=== TASK ITEM ===
Repeat the records in full and exactly, omitting pictures.

Annotated photo localization data
══════════════════════════════

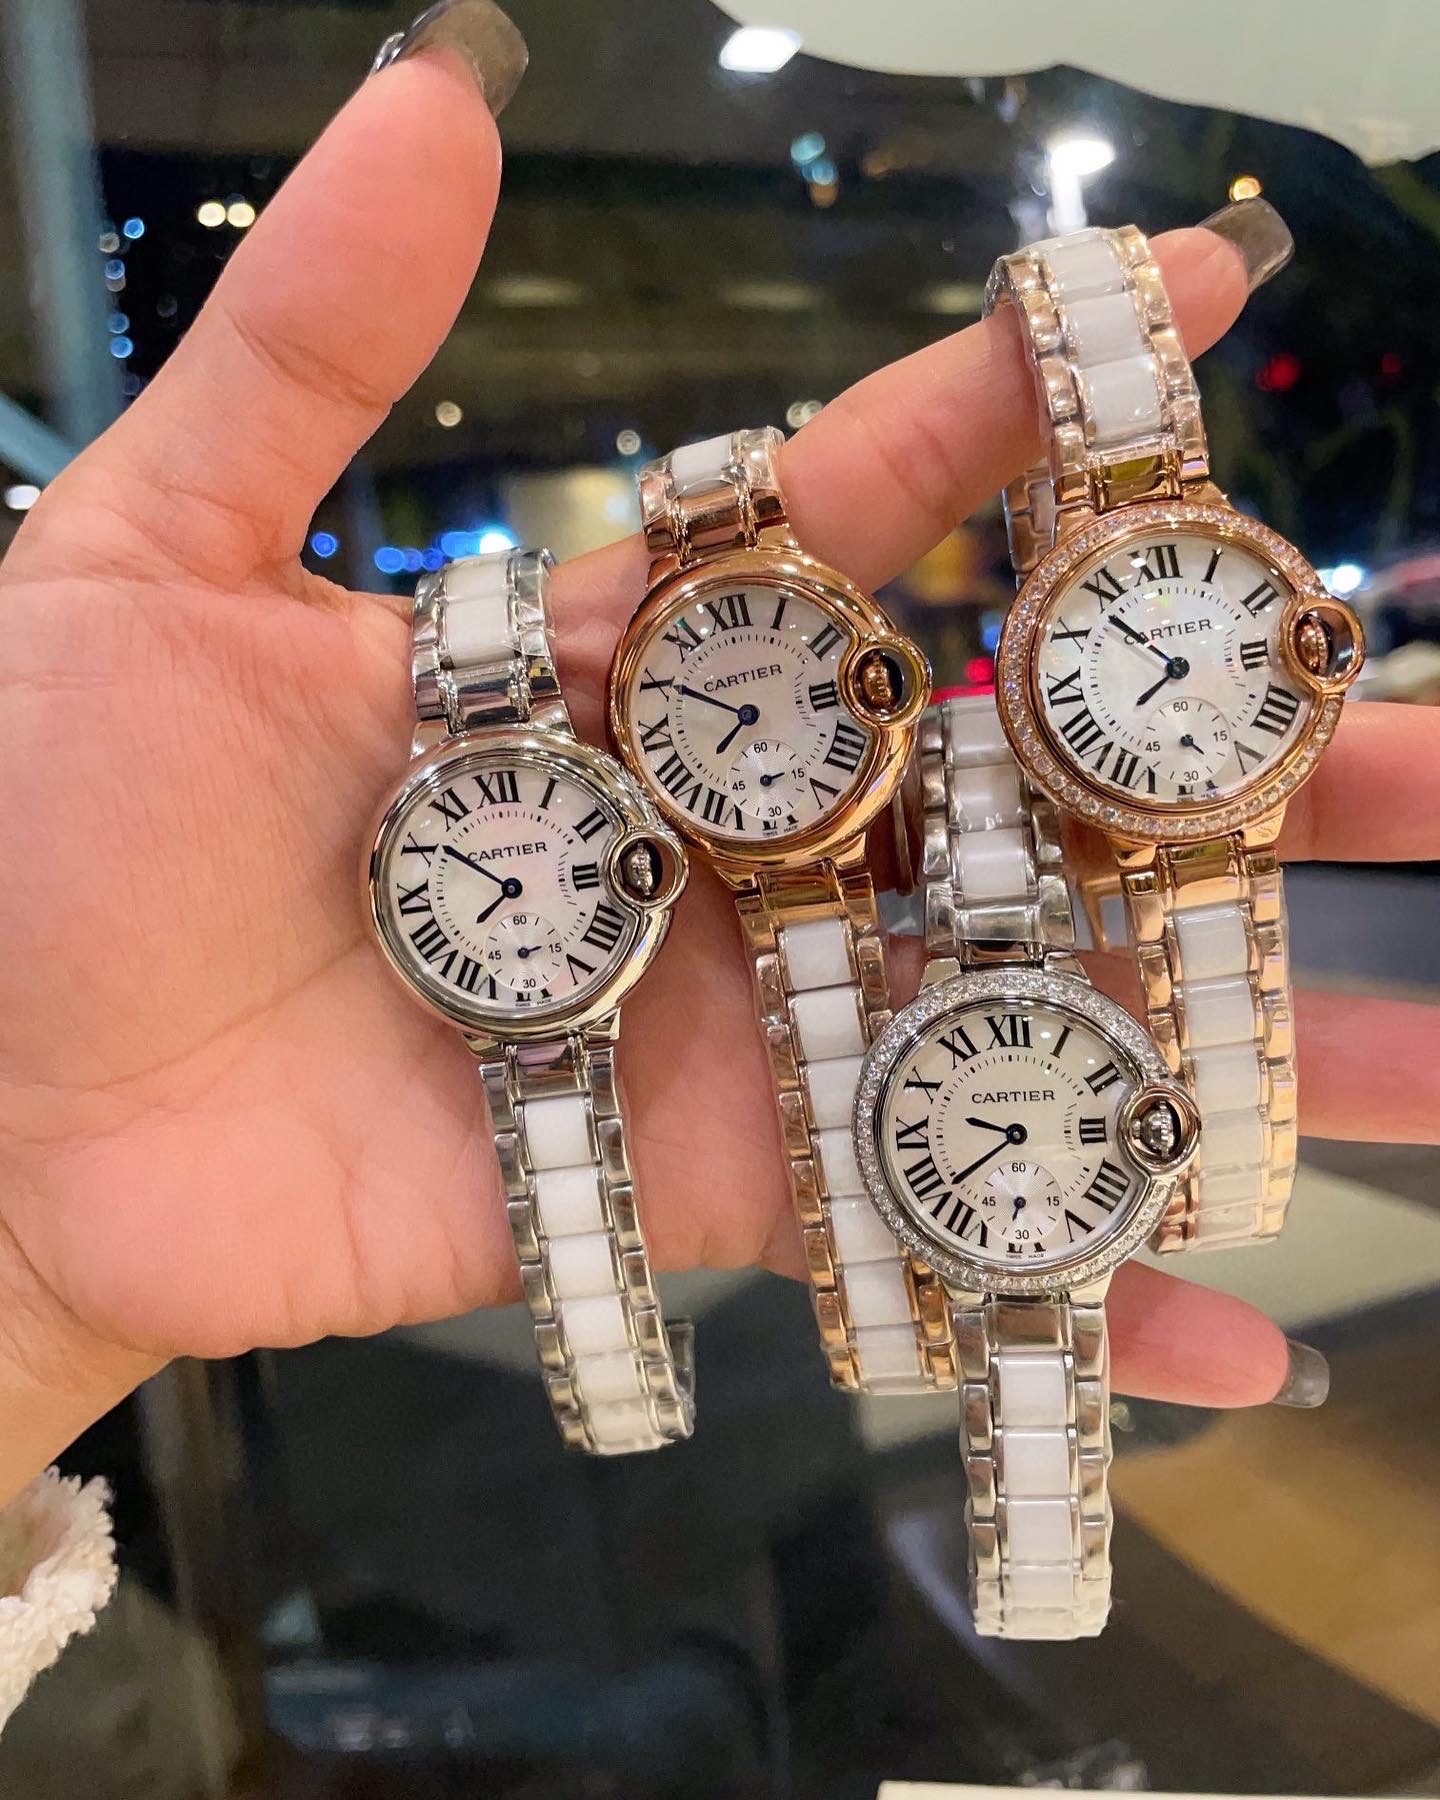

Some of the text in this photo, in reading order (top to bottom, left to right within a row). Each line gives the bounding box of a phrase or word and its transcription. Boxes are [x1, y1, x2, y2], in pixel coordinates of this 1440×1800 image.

[1128, 544, 1183, 587] XII
[1080, 566, 1129, 614] XI
[1240, 579, 1280, 618] II
[704, 593, 753, 636] XII
[662, 617, 706, 664] XI
[806, 622, 844, 661] II
[1050, 617, 1092, 653] X
[1240, 638, 1271, 671] III
[639, 667, 675, 702] X
[703, 664, 783, 693] CARTIER
[808, 679, 839, 712] III
[1046, 666, 1086, 709] IX
[1173, 701, 1189, 712] 60
[1250, 682, 1299, 740] IIII
[638, 714, 676, 755] IX
[753, 742, 768, 753] 60
[823, 720, 868, 775] IIII
[1059, 705, 1114, 771] VIII
[1145, 741, 1161, 752] 45
[1213, 730, 1228, 742] 15
[792, 768, 805, 779] 15
[1234, 740, 1267, 776] V
[473, 770, 522, 809] XII
[654, 751, 703, 813] VIII
[731, 780, 746, 792] 45
[809, 777, 841, 810] V
[1183, 770, 1199, 782] 30
[428, 787, 472, 831] XI
[572, 807, 610, 843] II
[768, 805, 782, 817] 30
[400, 832, 439, 867] X
[467, 841, 548, 863] CARTIER
[572, 861, 600, 892] III
[397, 879, 432, 917] IX
[513, 915, 527, 926] 60
[580, 901, 626, 954] IIII
[409, 915, 459, 979] VIII
[488, 950, 501, 961] 45
[549, 943, 562, 953] 15
[522, 978, 536, 989] 30
[565, 953, 597, 985] V
[936, 1025, 981, 1070] XI
[984, 1014, 1033, 1050] XII
[903, 1066, 943, 1104] X
[1083, 1060, 1123, 1096] II
[971, 1089, 1056, 1104] CARTIER
[896, 1115, 931, 1151] IX
[1079, 1117, 1107, 1145] III
[1011, 1162, 1026, 1173] 60
[903, 1153, 953, 1220] VIII
[981, 1197, 996, 1207] 45
[1047, 1197, 1060, 1207] 15
[1082, 1158, 1131, 1214] IIII
[1015, 1229, 1030, 1240] 30
[1065, 1209, 1095, 1243] V
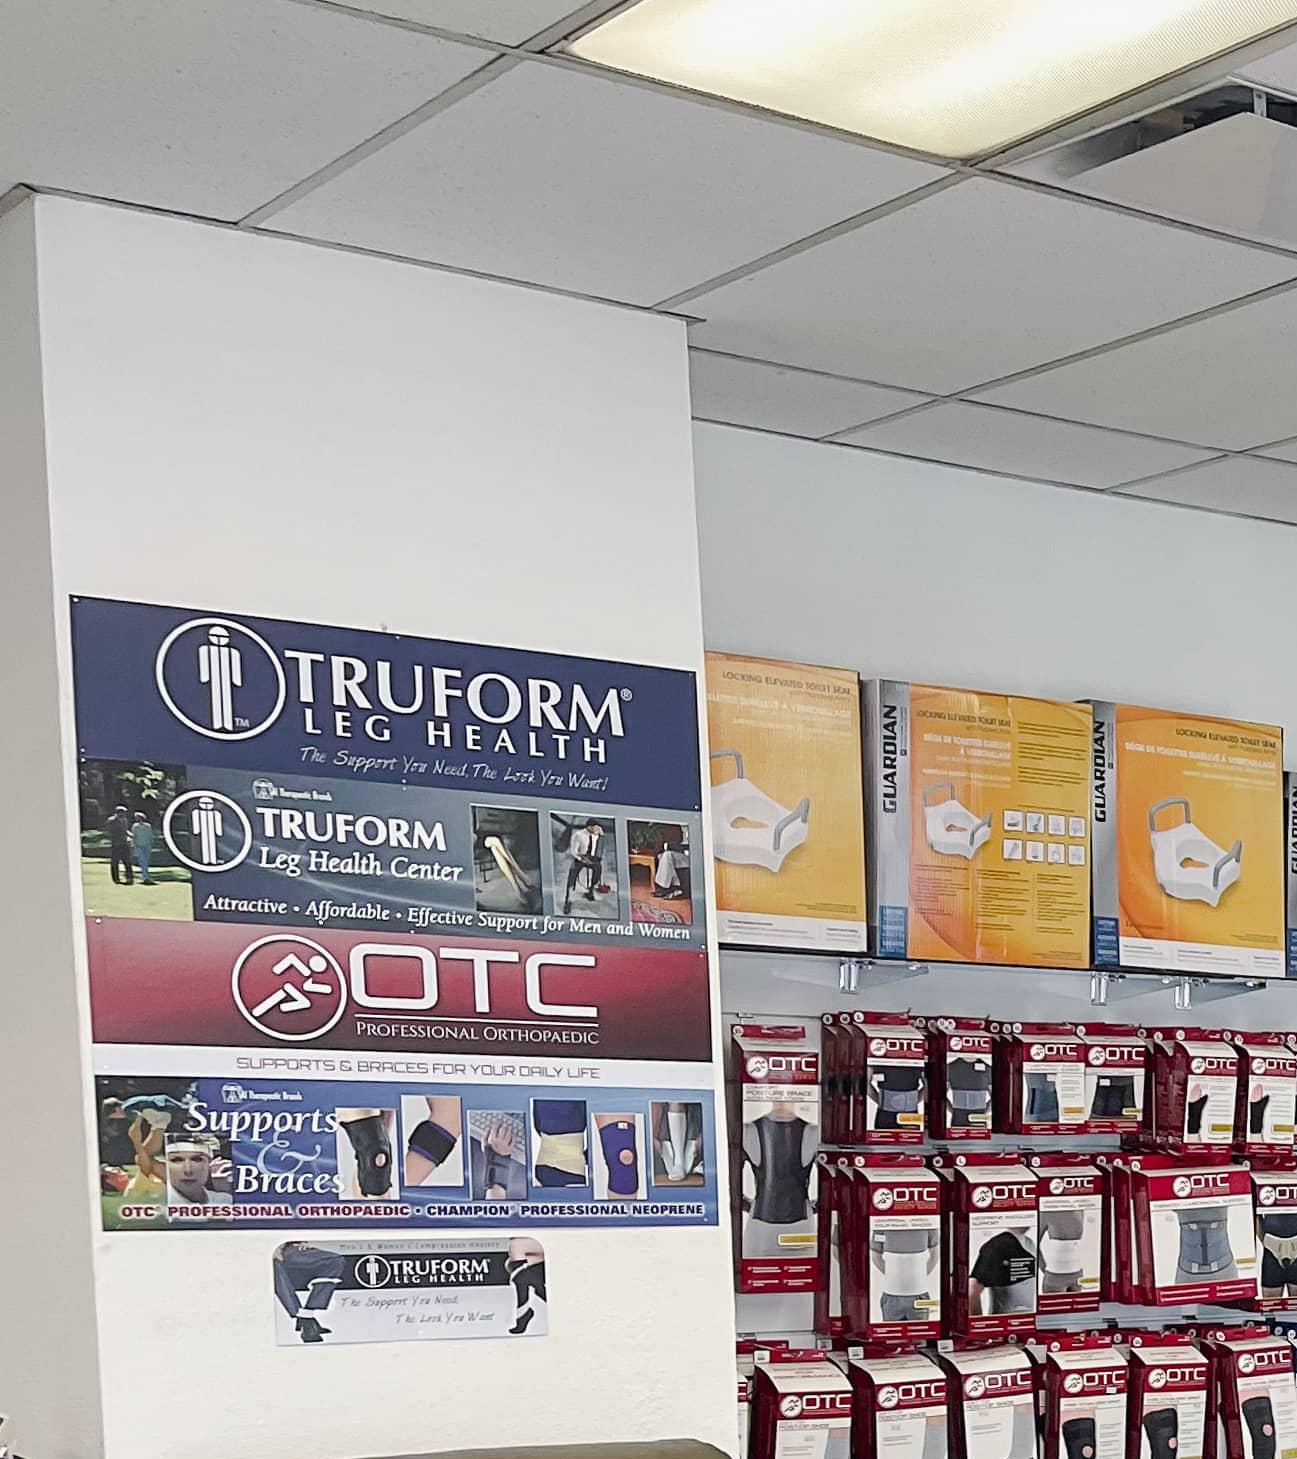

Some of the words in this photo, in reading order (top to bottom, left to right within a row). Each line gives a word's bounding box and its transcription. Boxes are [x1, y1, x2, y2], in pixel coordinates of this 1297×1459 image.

[304, 708, 391, 742] LEG
[427, 721, 607, 764] HEALTH
[300, 746, 327, 764] The
[333, 750, 398, 772] Support
[402, 755, 428, 774] You
[472, 763, 498, 780] The
[503, 769, 536, 784] Look
[539, 769, 563, 788] You
[882, 704, 898, 814] GUARDIAN
[1093, 720, 1106, 823] GUARDIAN
[256, 806, 447, 851] TRUFORM
[259, 846, 302, 877] Leg
[308, 850, 382, 876] Health
[390, 857, 464, 881] Center
[203, 894, 288, 914] Attractive
[305, 901, 391, 922] Affordable
[407, 907, 474, 927] Effective
[477, 912, 538, 932] Support
[540, 914, 565, 934] for
[569, 919, 602, 934] Men
[606, 921, 634, 936] and
[638, 924, 691, 940] Women
[349, 942, 599, 1018] OTC
[356, 1020, 480, 1040] PROFESSIONAL
[482, 1026, 600, 1045] ORTHOPAEDIC
[886, 1038, 923, 1051] OTC
[961, 1037, 990, 1048] OTC
[1045, 1042, 1078, 1056] OTC
[1105, 1046, 1146, 1061] OTC
[236, 1056, 336, 1071] SUPPORTS
[339, 1059, 352, 1072] &
[357, 1060, 429, 1074] BRACES
[432, 1063, 467, 1075] FOR
[469, 1063, 516, 1077] YOUR
[518, 1065, 564, 1078] DAILY
[567, 1067, 601, 1079] LIFE
[768, 1056, 817, 1072] OTC
[1206, 1057, 1237, 1071] OTC
[1263, 1058, 1296, 1072] OTC
[184, 1101, 340, 1142] Supports
[256, 1128, 321, 1175] &
[235, 1164, 346, 1194] Braces
[1063, 1177, 1094, 1188] OTC
[1191, 1172, 1229, 1189] OTC
[893, 1187, 937, 1202] OTC
[992, 1185, 1036, 1200] OTC
[168, 1205, 293, 1217] PROFESSIONAL
[298, 1205, 409, 1217] ORTHOPAEDIC
[427, 1204, 510, 1216] CHAMPION
[521, 1204, 628, 1216] PROFESSIONAL
[632, 1204, 703, 1215] NEOPRENE
[394, 1275, 421, 1284] LEG
[429, 1273, 484, 1283] HEALTH
[1254, 1349, 1291, 1366] OTC
[985, 1370, 1032, 1388] OTC
[1082, 1368, 1126, 1386] OTC
[1166, 1366, 1206, 1383] OTC
[898, 1382, 945, 1400] OTC
[802, 1394, 851, 1410] OTC

══════════════════════════════

=== TASK RESPONSE ===
Some of the text in this photo, in reading order (top to bottom, left to right within a row). Each line gives the bounding box of a phrase or word and its transcription. Boxes are [x1, y1, x2, y2], in pixel coordinates of this 1440×1800 image.

[1128, 544, 1183, 587] XII
[1080, 566, 1129, 614] XI
[1240, 579, 1280, 618] II
[704, 593, 753, 636] XII
[662, 617, 706, 664] XI
[806, 622, 844, 661] II
[1050, 617, 1092, 653] X
[1240, 638, 1271, 671] III
[639, 667, 675, 702] X
[703, 664, 783, 693] CARTIER
[808, 679, 839, 712] III
[1046, 666, 1086, 709] IX
[1173, 701, 1189, 712] 60
[1250, 682, 1299, 740] IIII
[638, 714, 676, 755] IX
[753, 742, 768, 753] 60
[823, 720, 868, 775] IIII
[1059, 705, 1114, 771] VIII
[1145, 741, 1161, 752] 45
[1213, 730, 1228, 742] 15
[792, 768, 805, 779] 15
[1234, 740, 1267, 776] V
[473, 770, 522, 809] XII
[654, 751, 703, 813] VIII
[731, 780, 746, 792] 45
[809, 777, 841, 810] V
[1183, 770, 1199, 782] 30
[428, 787, 472, 831] XI
[572, 807, 610, 843] II
[768, 805, 782, 817] 30
[400, 832, 439, 867] X
[467, 841, 548, 863] CARTIER
[572, 861, 600, 892] III
[397, 879, 432, 917] IX
[513, 915, 527, 926] 60
[580, 901, 626, 954] IIII
[409, 915, 459, 979] VIII
[488, 950, 501, 961] 45
[549, 943, 562, 953] 15
[522, 978, 536, 989] 30
[565, 953, 597, 985] V
[936, 1025, 981, 1070] XI
[984, 1014, 1033, 1050] XII
[903, 1066, 943, 1104] X
[1083, 1060, 1123, 1096] II
[971, 1089, 1056, 1104] CARTIER
[896, 1115, 931, 1151] IX
[1079, 1117, 1107, 1145] III
[1011, 1162, 1026, 1173] 60
[903, 1153, 953, 1220] VIII
[981, 1197, 996, 1207] 45
[1047, 1197, 1060, 1207] 15
[1082, 1158, 1131, 1214] IIII
[1015, 1229, 1030, 1240] 30
[1065, 1209, 1095, 1243] V

Some of the words in this photo, in reading order (top to bottom, left to right within a row). Each line gives a word's bounding box and its transcription. Boxes are [x1, y1, x2, y2], in pixel coordinates of this 1297×1459 image.

[304, 708, 391, 742] LEG
[427, 721, 607, 764] HEALTH
[300, 746, 327, 764] The
[333, 750, 398, 772] Support
[402, 755, 428, 774] You
[472, 763, 498, 780] The
[503, 769, 536, 784] Look
[539, 769, 563, 788] You
[882, 704, 898, 814] GUARDIAN
[1093, 720, 1106, 823] GUARDIAN
[256, 806, 447, 851] TRUFORM
[259, 846, 302, 877] Leg
[308, 850, 382, 876] Health
[390, 857, 464, 881] Center
[203, 894, 288, 914] Attractive
[305, 901, 391, 922] Affordable
[407, 907, 474, 927] Effective
[477, 912, 538, 932] Support
[540, 914, 565, 934] for
[569, 919, 602, 934] Men
[606, 921, 634, 936] and
[638, 924, 691, 940] Women
[349, 942, 599, 1018] OTC
[356, 1020, 480, 1040] PROFESSIONAL
[482, 1026, 600, 1045] ORTHOPAEDIC
[886, 1038, 923, 1051] OTC
[961, 1037, 990, 1048] OTC
[1045, 1042, 1078, 1056] OTC
[1105, 1046, 1146, 1061] OTC
[236, 1056, 336, 1071] SUPPORTS
[339, 1059, 352, 1072] &
[357, 1060, 429, 1074] BRACES
[432, 1063, 467, 1075] FOR
[469, 1063, 516, 1077] YOUR
[518, 1065, 564, 1078] DAILY
[567, 1067, 601, 1079] LIFE
[768, 1056, 817, 1072] OTC
[1206, 1057, 1237, 1071] OTC
[1263, 1058, 1296, 1072] OTC
[184, 1101, 340, 1142] Supports
[256, 1128, 321, 1175] &
[235, 1164, 346, 1194] Braces
[1063, 1177, 1094, 1188] OTC
[1191, 1172, 1229, 1189] OTC
[893, 1187, 937, 1202] OTC
[992, 1185, 1036, 1200] OTC
[168, 1205, 293, 1217] PROFESSIONAL
[298, 1205, 409, 1217] ORTHOPAEDIC
[427, 1204, 510, 1216] CHAMPION
[521, 1204, 628, 1216] PROFESSIONAL
[632, 1204, 703, 1215] NEOPRENE
[394, 1275, 421, 1284] LEG
[429, 1273, 484, 1283] HEALTH
[1254, 1349, 1291, 1366] OTC
[985, 1370, 1032, 1388] OTC
[1082, 1368, 1126, 1386] OTC
[1166, 1366, 1206, 1383] OTC
[898, 1382, 945, 1400] OTC
[802, 1394, 851, 1410] OTC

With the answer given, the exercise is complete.